[Saved entries]
------------------------------------
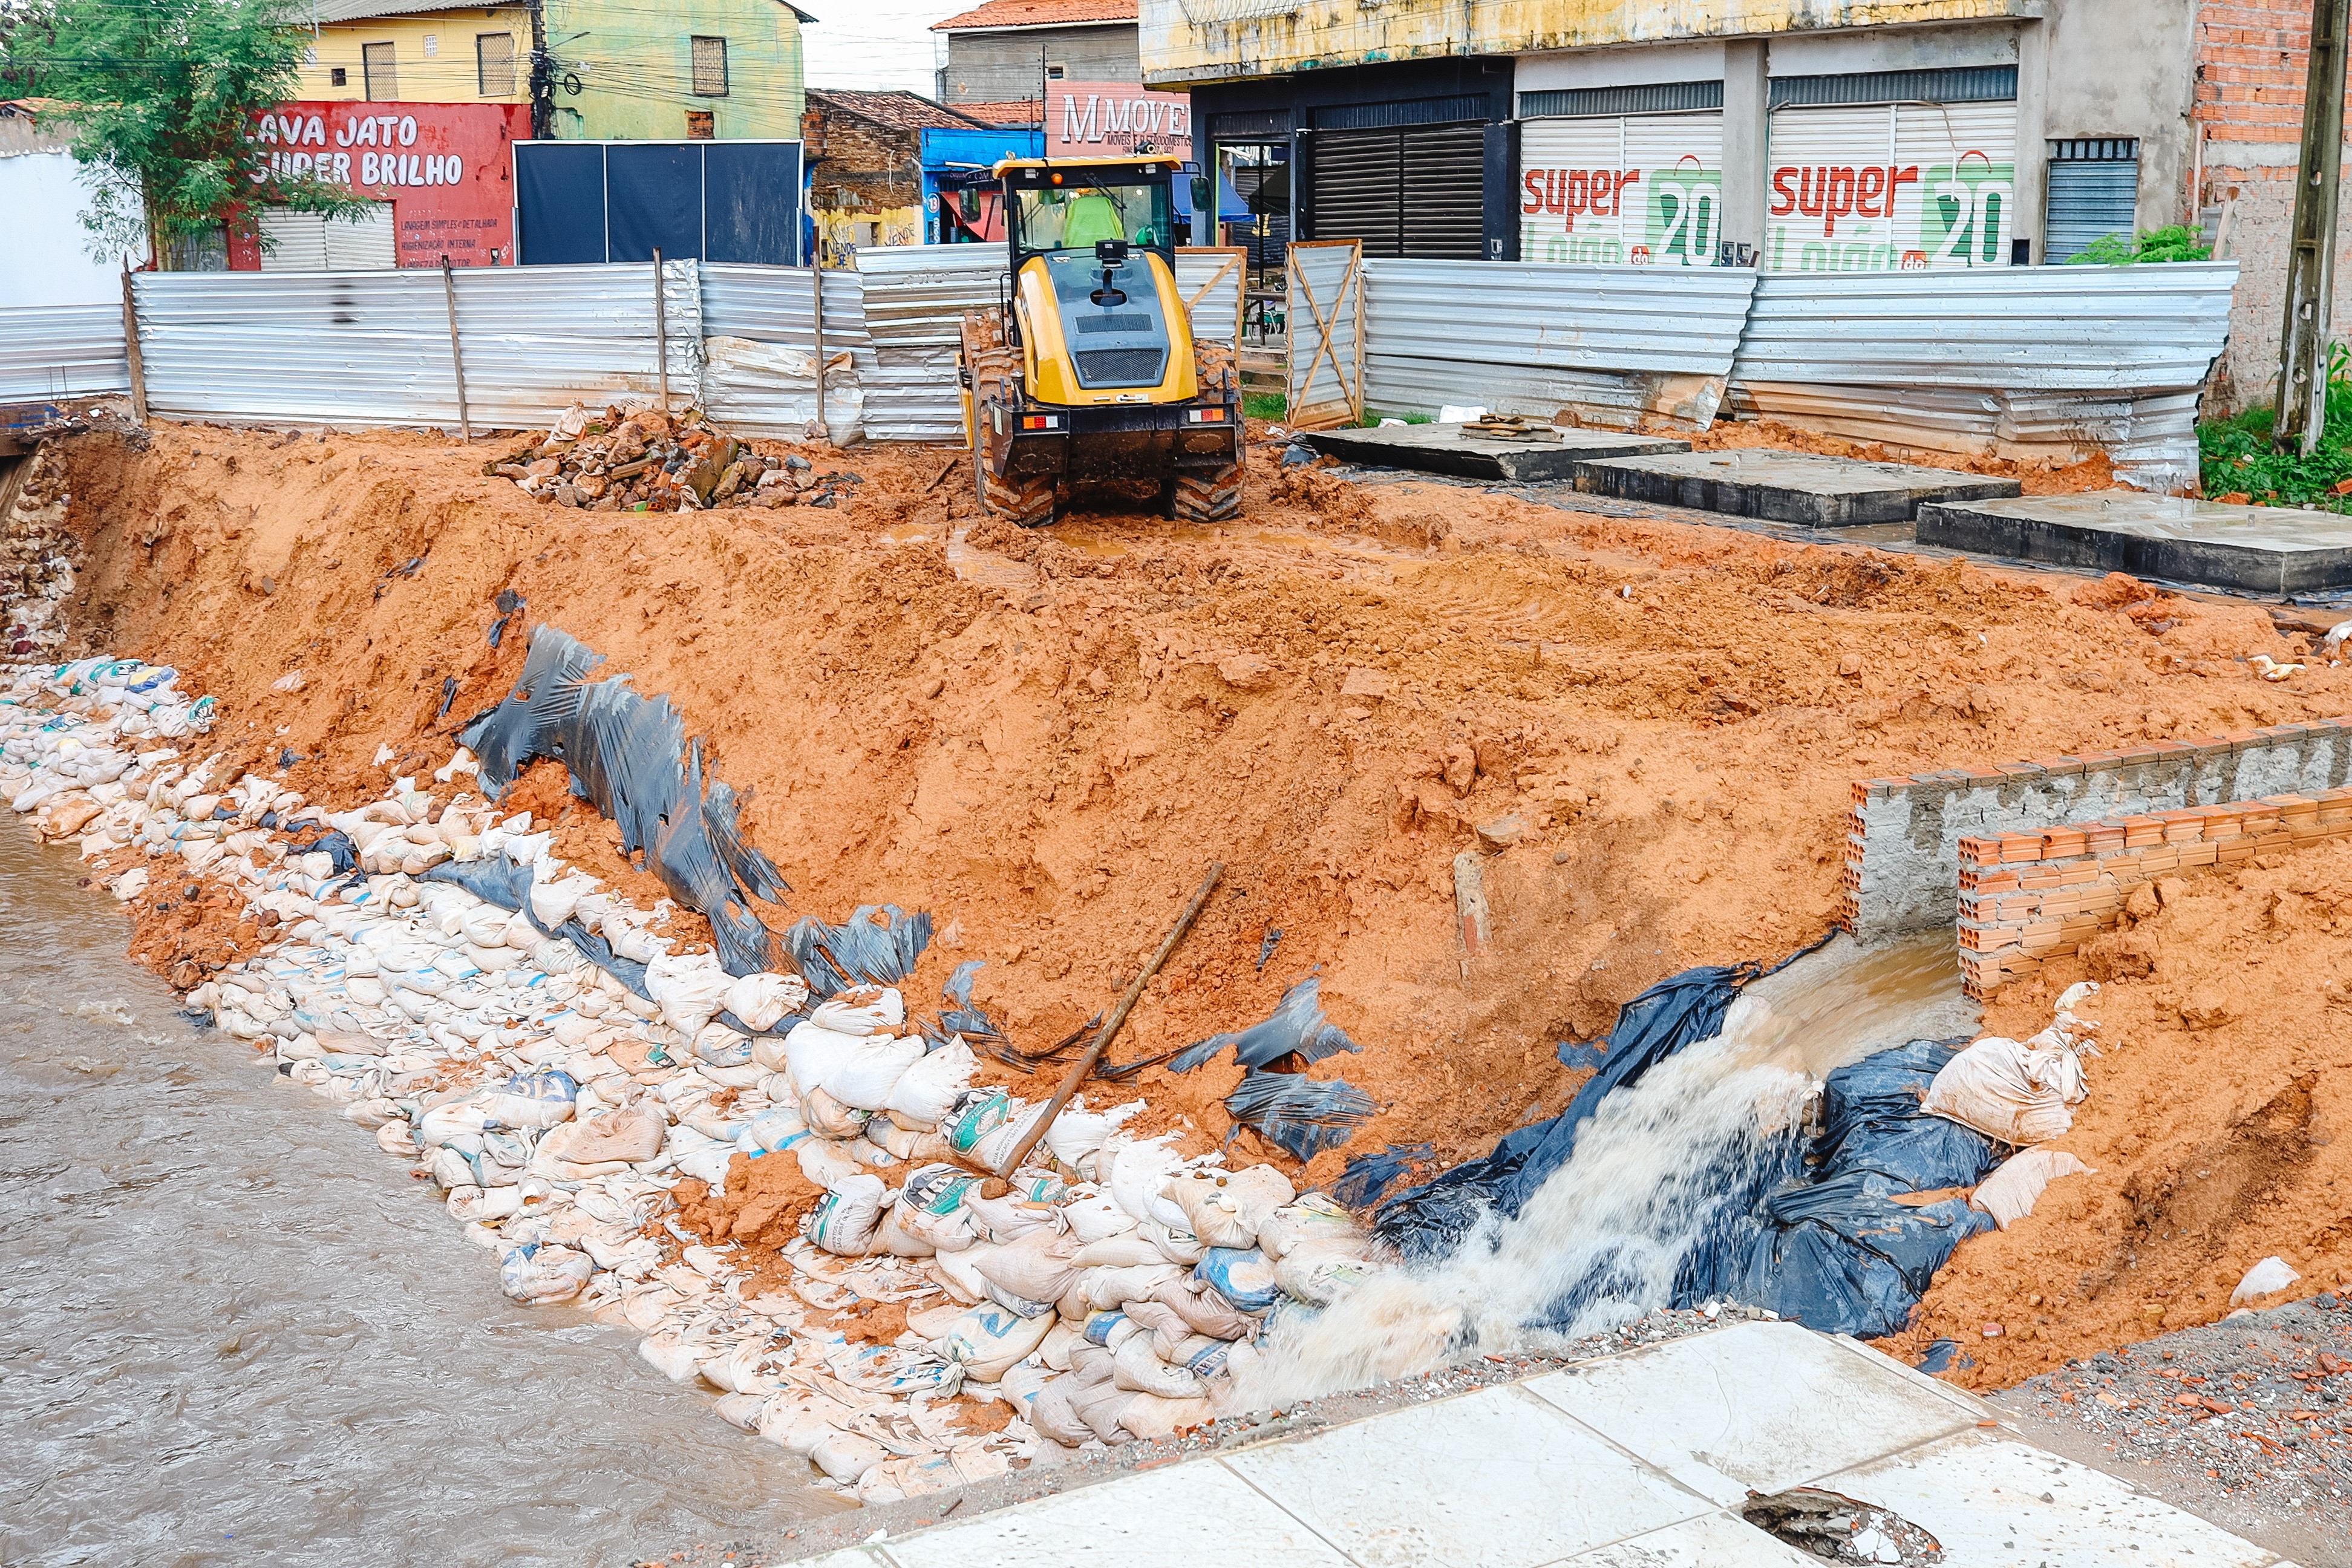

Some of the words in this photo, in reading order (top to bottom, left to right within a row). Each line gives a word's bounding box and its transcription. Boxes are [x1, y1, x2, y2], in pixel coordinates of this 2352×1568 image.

[336, 116, 418, 147] JATO
[248, 151, 351, 184] SUPER
[362, 152, 463, 187] BRILHO
[400, 220, 430, 230] LAVAGEM
[431, 220, 458, 229] SIMPLES
[463, 218, 497, 229] DETALHADA
[1523, 169, 1640, 233] super
[1654, 182, 1722, 266] 20
[1771, 165, 1919, 238] super
[1929, 181, 2014, 269] 20
[447, 239, 476, 249] INTERNA
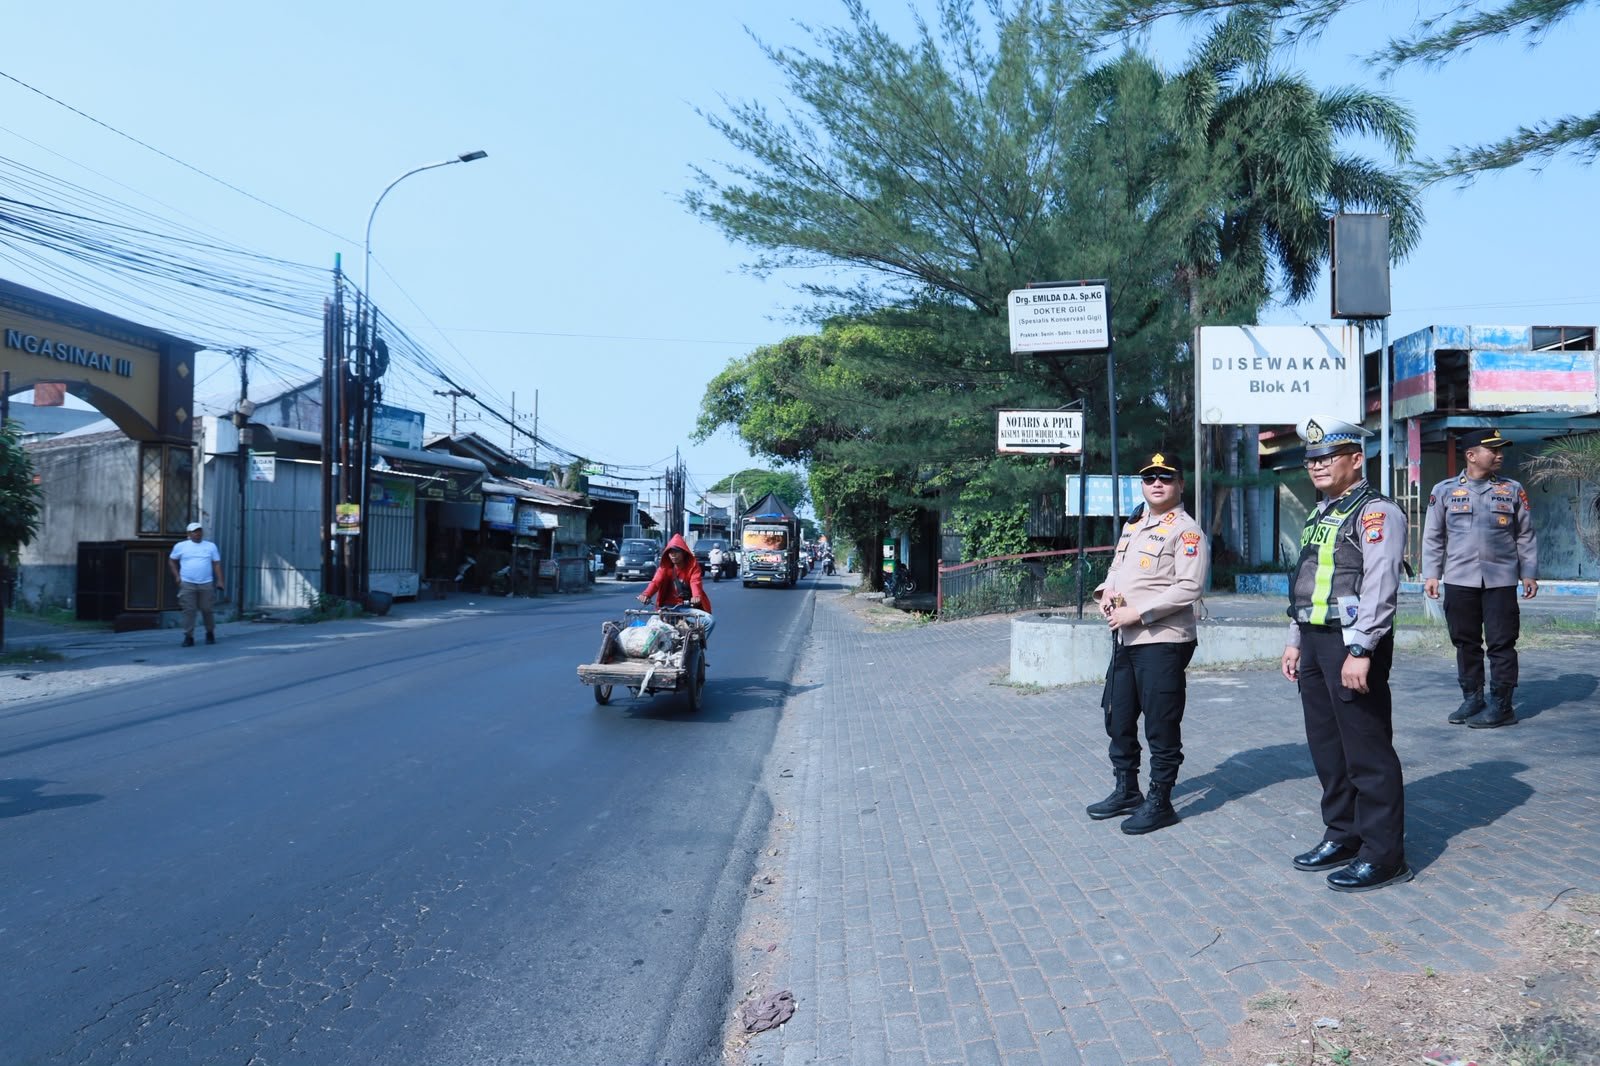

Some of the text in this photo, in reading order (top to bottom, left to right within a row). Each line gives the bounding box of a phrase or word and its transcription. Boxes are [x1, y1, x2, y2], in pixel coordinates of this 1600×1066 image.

[1016, 296, 1030, 305] Drg.
[1033, 294, 1061, 302] EMILDA
[1080, 292, 1101, 302] Sp.KG
[1034, 305, 1086, 315] DOKTER GIGI
[5, 328, 133, 377] NGASINAN III
[1212, 357, 1347, 371] DISEWAKAN
[1249, 380, 1310, 393] Blok A1
[1006, 416, 1073, 428] NOTARIS & PPAT
[1148, 534, 1167, 543] POLRI
------------------------------------
■ Exercise description ■
All entries above are to be reproduced exactly, with no pictures.

■ Written answer ■
Some of the words in this photo, in reading order (top to bottom, left to right within a row). Each line gives a word's bounding box and its transcription. Boxes are [x1, y1, x2, y2], in pixel coordinates of this 2352×1568 image.

[336, 116, 418, 147] JATO
[248, 151, 351, 184] SUPER
[362, 152, 463, 187] BRILHO
[400, 220, 430, 230] LAVAGEM
[431, 220, 458, 229] SIMPLES
[463, 218, 497, 229] DETALHADA
[1523, 169, 1640, 233] super
[1654, 182, 1722, 266] 20
[1771, 165, 1919, 238] super
[1929, 181, 2014, 269] 20
[447, 239, 476, 249] INTERNA

Some of the text in this photo, in reading order (top to bottom, left to right within a row). Each line gives the bounding box of a phrase or word and its transcription. Boxes are [x1, y1, x2, y2], in pixel coordinates of this 1600×1066 image.

[1016, 296, 1030, 305] Drg.
[1033, 294, 1061, 302] EMILDA
[1080, 292, 1101, 302] Sp.KG
[1034, 305, 1086, 315] DOKTER GIGI
[5, 328, 133, 377] NGASINAN III
[1212, 357, 1347, 371] DISEWAKAN
[1249, 380, 1310, 393] Blok A1
[1006, 416, 1073, 428] NOTARIS & PPAT
[1148, 534, 1167, 543] POLRI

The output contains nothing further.